Первая ночь… Как он лежал на земле, оглушенный и голый, в отсветах желтого и багрового пламени горящего дома, сарая, деревьев, соседских дворов и домов.

В сатанинском вое сирен пикирующих на него «юнкерсов», за стаей — новая стая. За взрывом — взрыв. На земле и в небе. Все ближе и ближе. Дьявольский вой до боли врезался в голову, в мозг. Грохот взрывов раздирает уши, нутро. Осколки летят, комья земли. Пальцы невольно скребут сухую глину, ища укрыва. Непрестанный вой, за грохотом — грохот. Сотрясенье земли. Треск и жар близкого пламени. Багровая ночь. Теплое тело Трезора, кровью истекающего. И уже — ни боли, ни страха, ни теченья времени. Застывшее в полумертвом оцепененье хрупкое детское тельце.

Мать нашла их: собаку, уже бездыханную, и сына — в чужой крови, но живого.

А город горел. Под градом бомб зажигательных всю ночь факелами вспыхивали, сгорая дотла, деревянные дома и другие строенья широко разбросанных заводских поселков, пригородов, слобод: от Акатовки, Латошинки, Селезнева до Балкан, Дар-горы, Бекетовки, Елшанки. Тяжелые фугасы долбили и долбили заводские корпуса «Тракторного», «Баррикад», «Красного Октября», центральные улицы города, обращая их в каменные руины и братские могилы, в дыму, пыли, тяжелом негаснущем пламени. А следом сыпались «зажигалки», ящиками, россыпью. Чтобы огонь и огонь…

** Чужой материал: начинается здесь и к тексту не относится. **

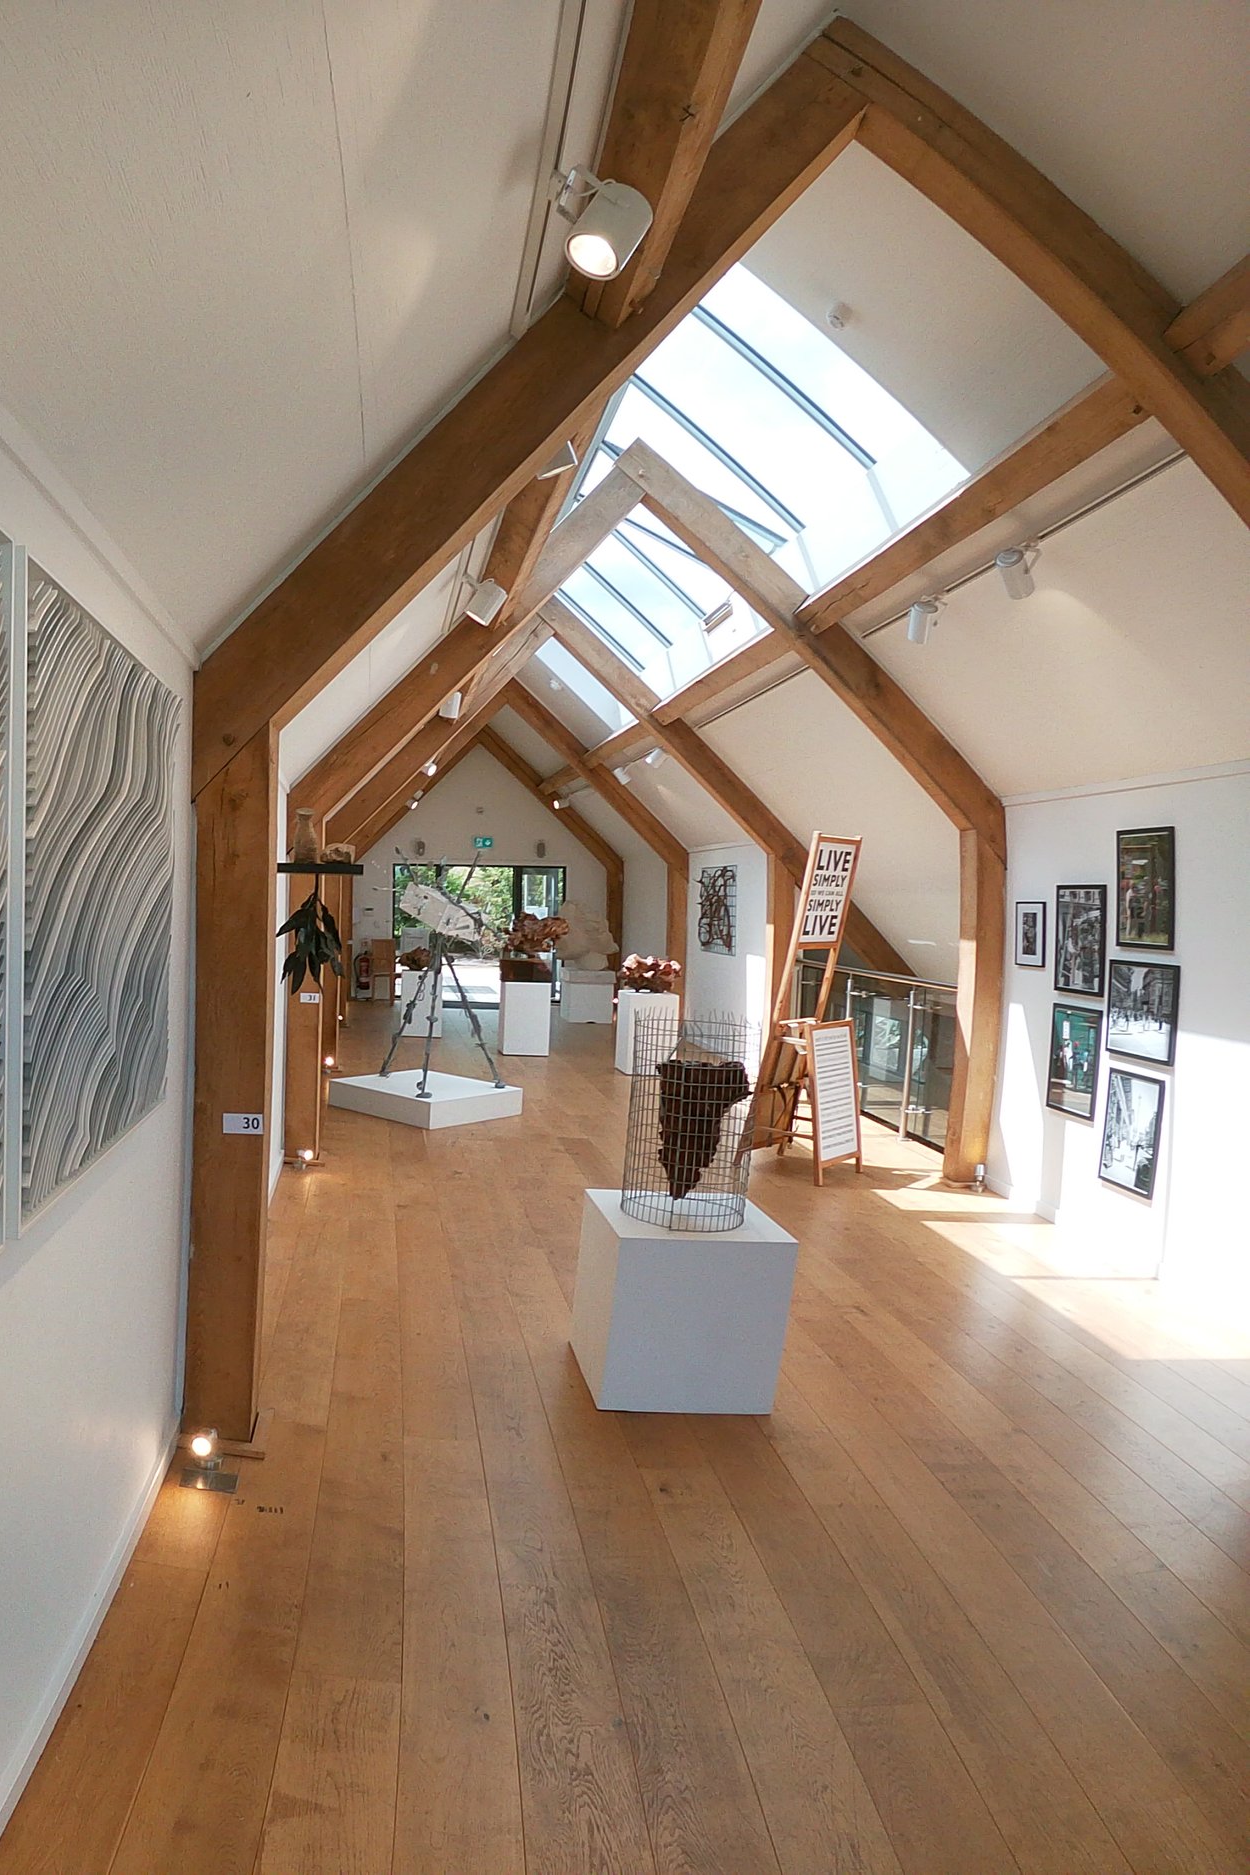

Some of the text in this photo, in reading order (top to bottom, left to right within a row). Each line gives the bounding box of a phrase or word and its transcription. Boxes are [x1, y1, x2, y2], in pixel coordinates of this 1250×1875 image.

На многие километры недавно живого города небесный огонь и земной сомкнулись в геенну огненную, которая с каждым часом росла, жарко дышала, взрываясь языкатыми факелами, вихрями, снопами искр, пылающих головешек. Огневые потоки текли по земле; огневые тучи клубились в напрочь сгоревшем черном небе.

Бомбежка прервалась на рассвете. Но солнце в этот день не взошло. На смену страшной багровой ночи пришла иная тьма. Низко над землей висела пелена густого черного дыма. Это горел город: дома, улицы, деревья, земля. Это горела прежняя людская жизнь, оставляя лишь память: «Помню, как жили мы… в веселе и тепле…» Возле Мамаева бугра, в сумеречном утре уже не было поселка Лазурь, его улочек, домов, сараев, заборов, палисадов с цветами, садов, пышных огородов. Лишь черная обугленная земля дымилась в глухой немоте, безлюдной и страшной.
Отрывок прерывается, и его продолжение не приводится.